(Dataset entries)
----

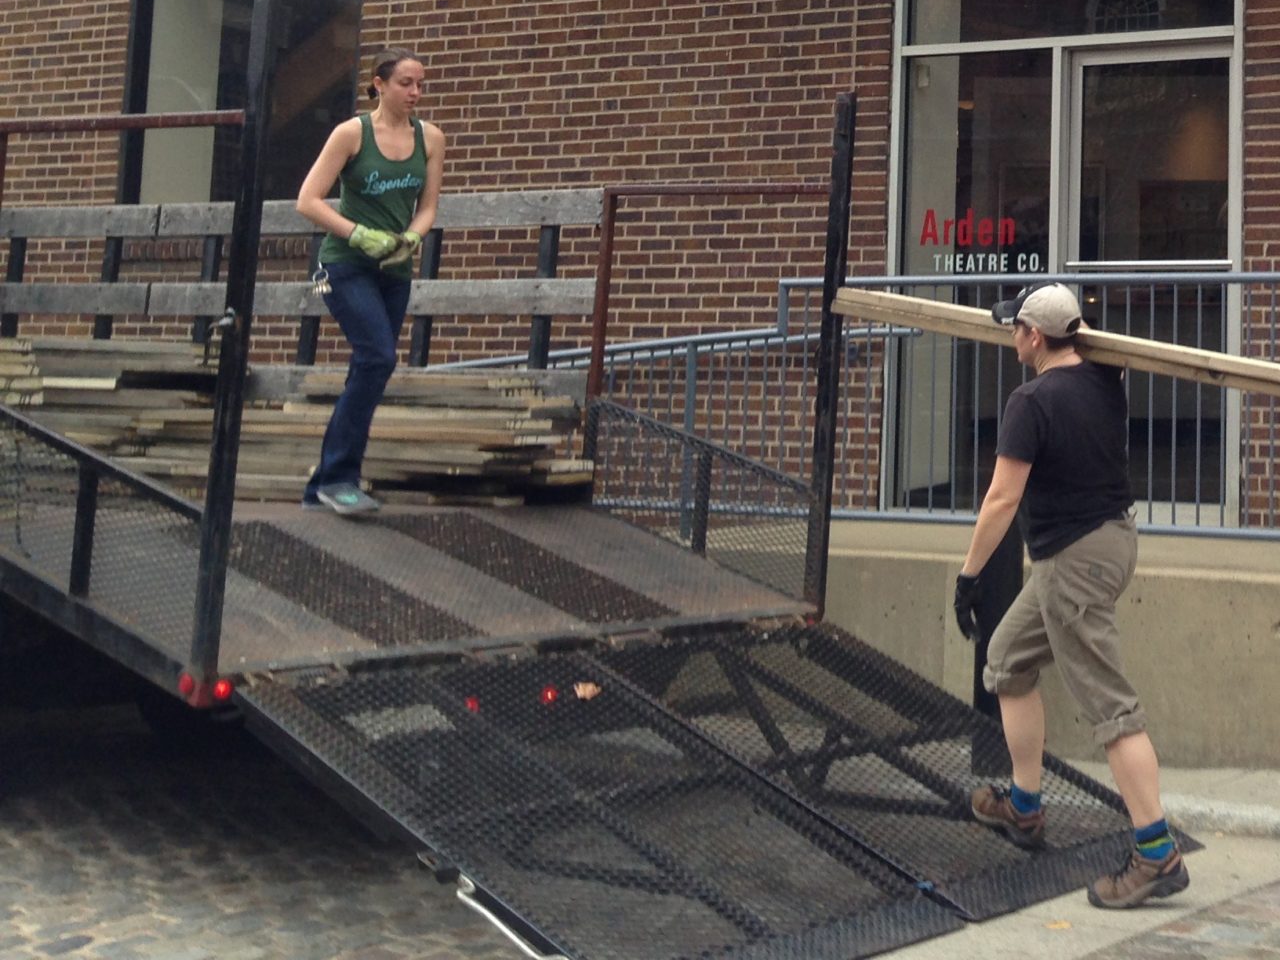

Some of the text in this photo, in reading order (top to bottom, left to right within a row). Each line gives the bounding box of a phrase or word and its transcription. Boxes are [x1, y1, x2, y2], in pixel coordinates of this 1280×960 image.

[920, 208, 1016, 246] Arden
[933, 253, 1045, 273] THEATRE CO.
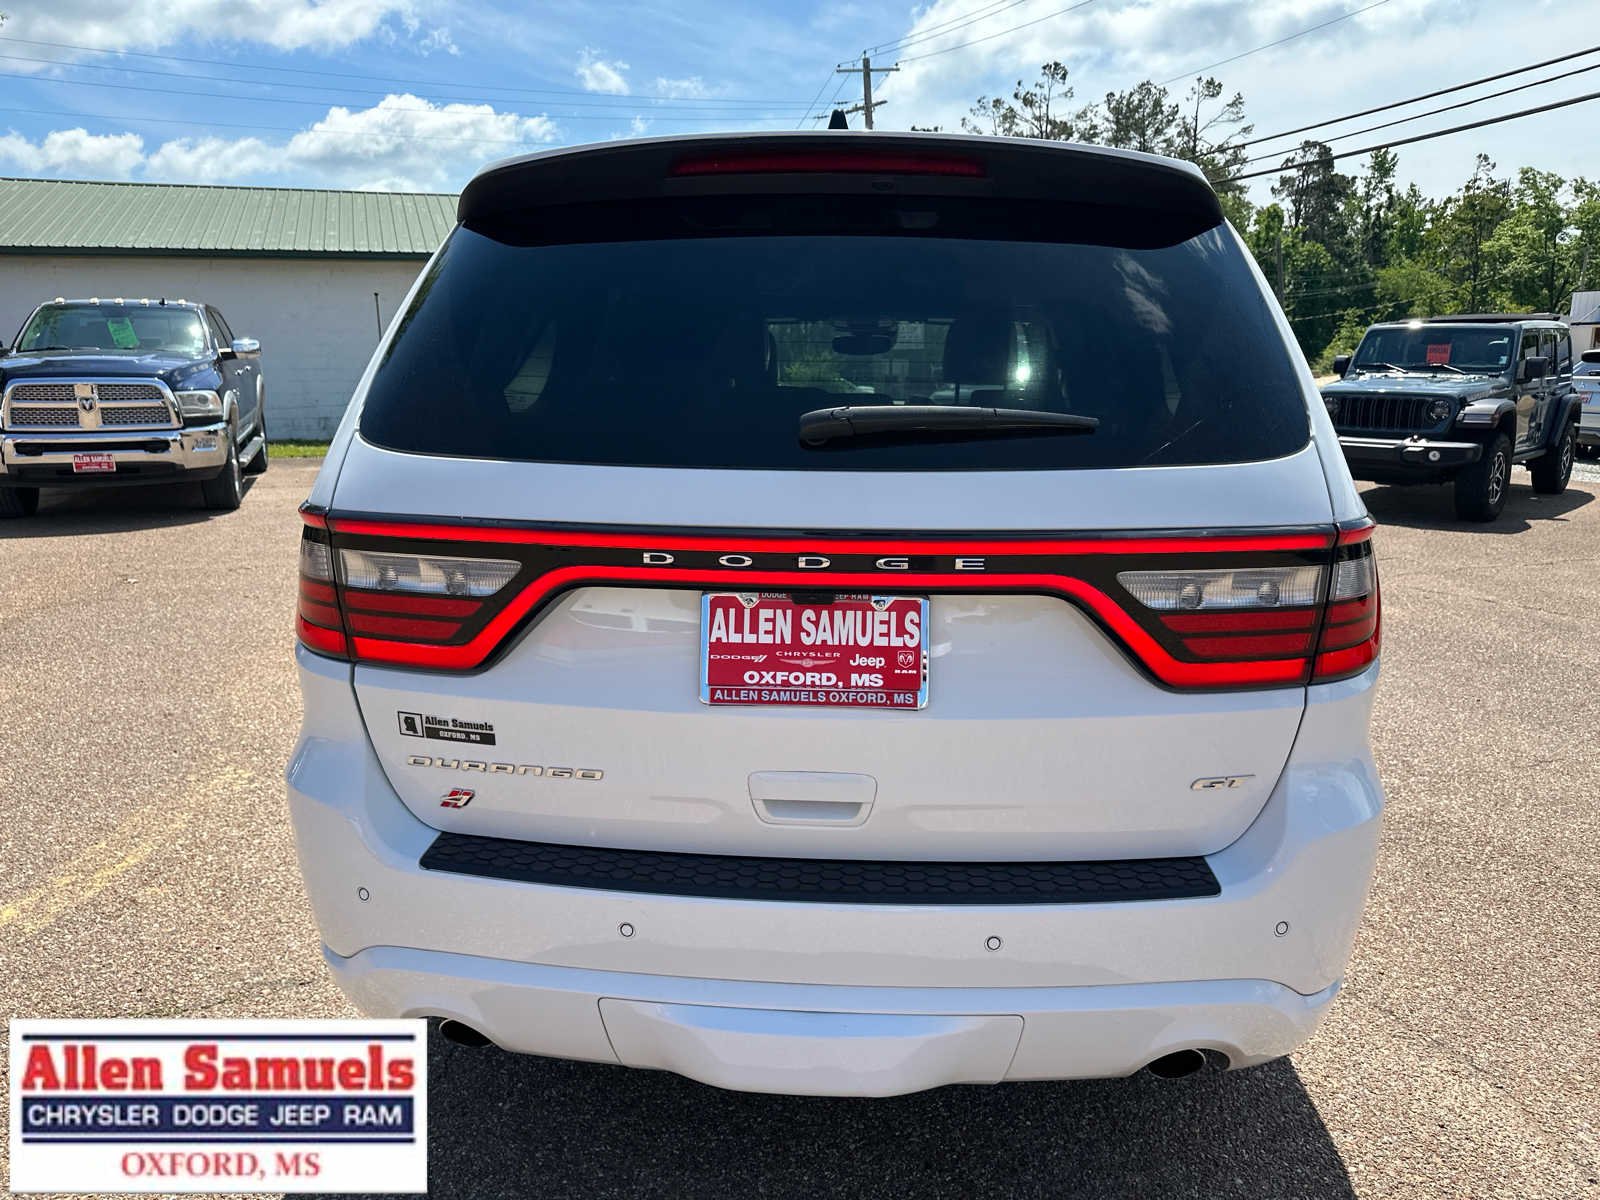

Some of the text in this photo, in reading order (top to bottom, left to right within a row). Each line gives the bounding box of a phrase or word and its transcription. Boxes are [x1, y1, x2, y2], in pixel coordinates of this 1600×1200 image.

[642, 552, 986, 570] DODGE
[710, 608, 920, 648] ALLEN SAMUELS
[850, 654, 886, 668] Jeep
[743, 671, 884, 689] OXFORD, MS
[714, 689, 914, 705] ALLEN SAMUELS OXFORD, MS
[424, 716, 494, 732] Allen Samuels
[407, 755, 604, 781] DURANGO
[1190, 774, 1256, 791] GT
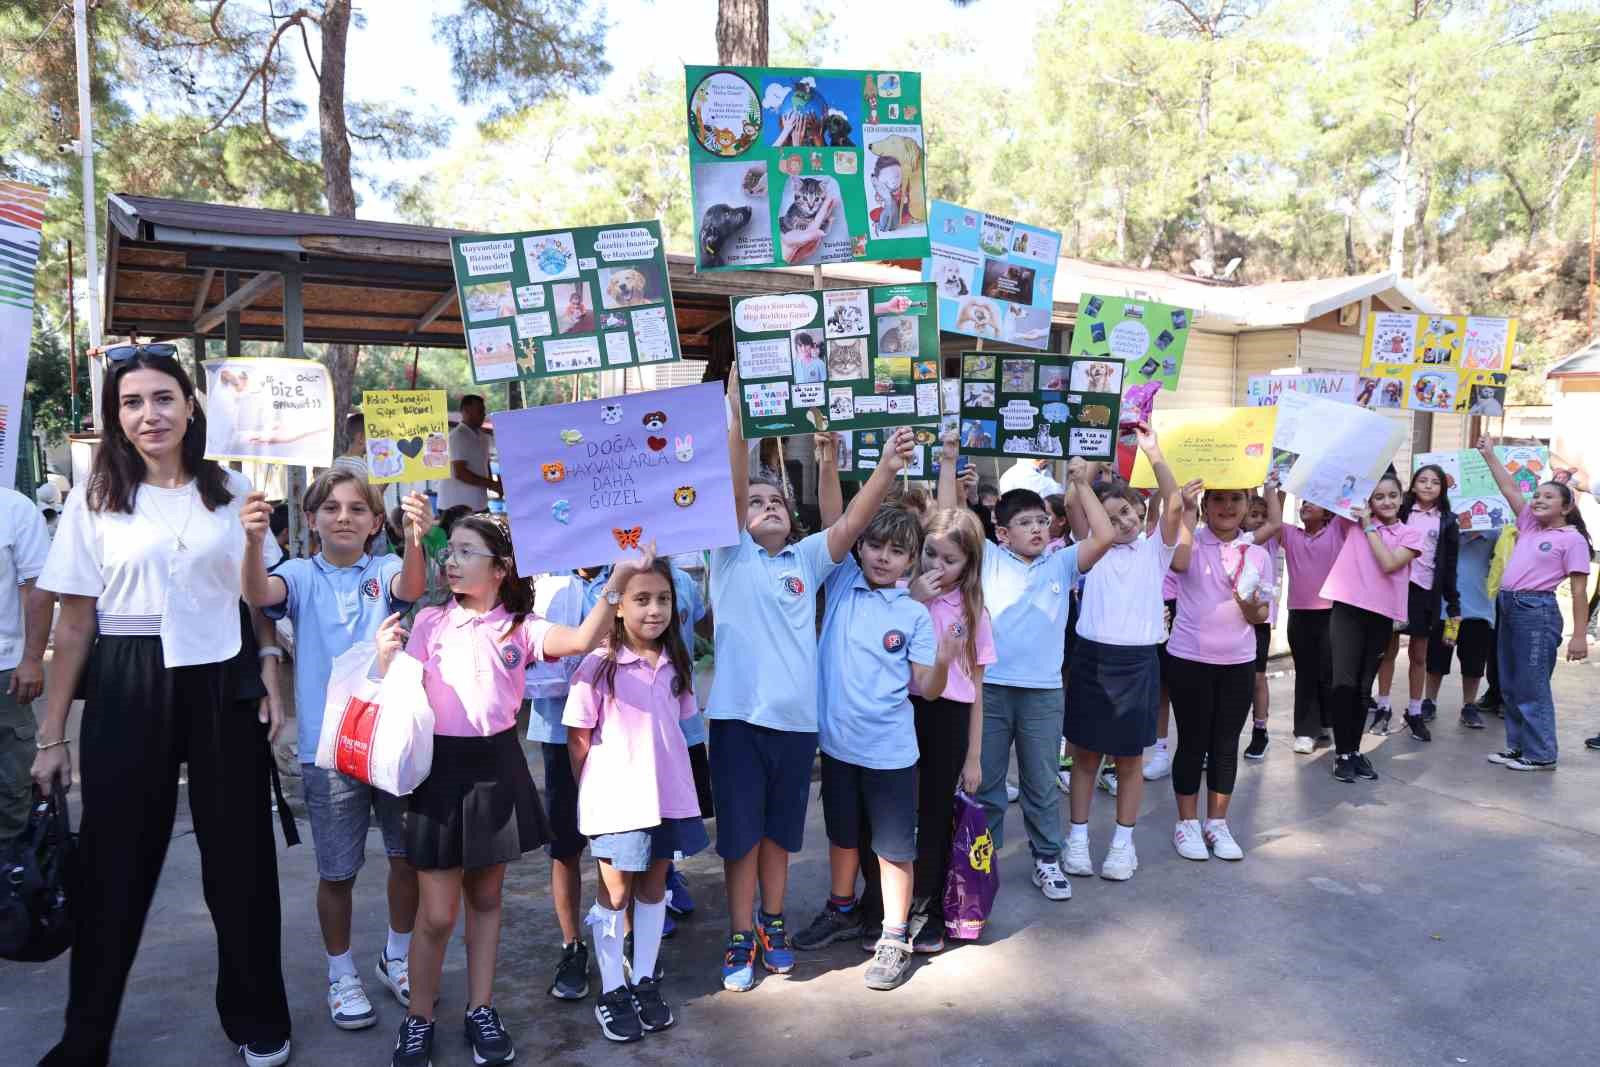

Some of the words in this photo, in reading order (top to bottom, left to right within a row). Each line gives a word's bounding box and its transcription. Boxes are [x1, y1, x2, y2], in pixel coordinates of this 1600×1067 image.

----

**Problem to solve:** Make a verbatim copy of all the entries and strip out the pictures.

**Solution to this exercise:**
Some of the text in this photo, in reading order (top to bottom, left to right within a row). Each line gives the bounding box of a phrase or word and its transcription. Boxes are [x1, y1, x2, y2], in pixel coordinates of this 1280×960 image.

[920, 208, 1016, 246] Arden
[933, 253, 1045, 273] THEATRE CO.

Some of the text in this photo, in reading order (top to bottom, left to right within a row). Each line gives the bounding box of a phrase or word and its transcription. Boxes are [x1, y1, x2, y2], in pixel coordinates of this 1600×1200 image.

[642, 552, 986, 570] DODGE
[710, 608, 920, 648] ALLEN SAMUELS
[850, 654, 886, 668] Jeep
[743, 671, 884, 689] OXFORD, MS
[714, 689, 914, 705] ALLEN SAMUELS OXFORD, MS
[424, 716, 494, 732] Allen Samuels
[407, 755, 604, 781] DURANGO
[1190, 774, 1256, 791] GT

Some of the words in this photo, in reading order (top to bottom, left to right within a row). Each line gives a word's bounding box and its transcription. Boxes are [x1, y1, x2, y2], in pixel coordinates of this 1600×1067 image.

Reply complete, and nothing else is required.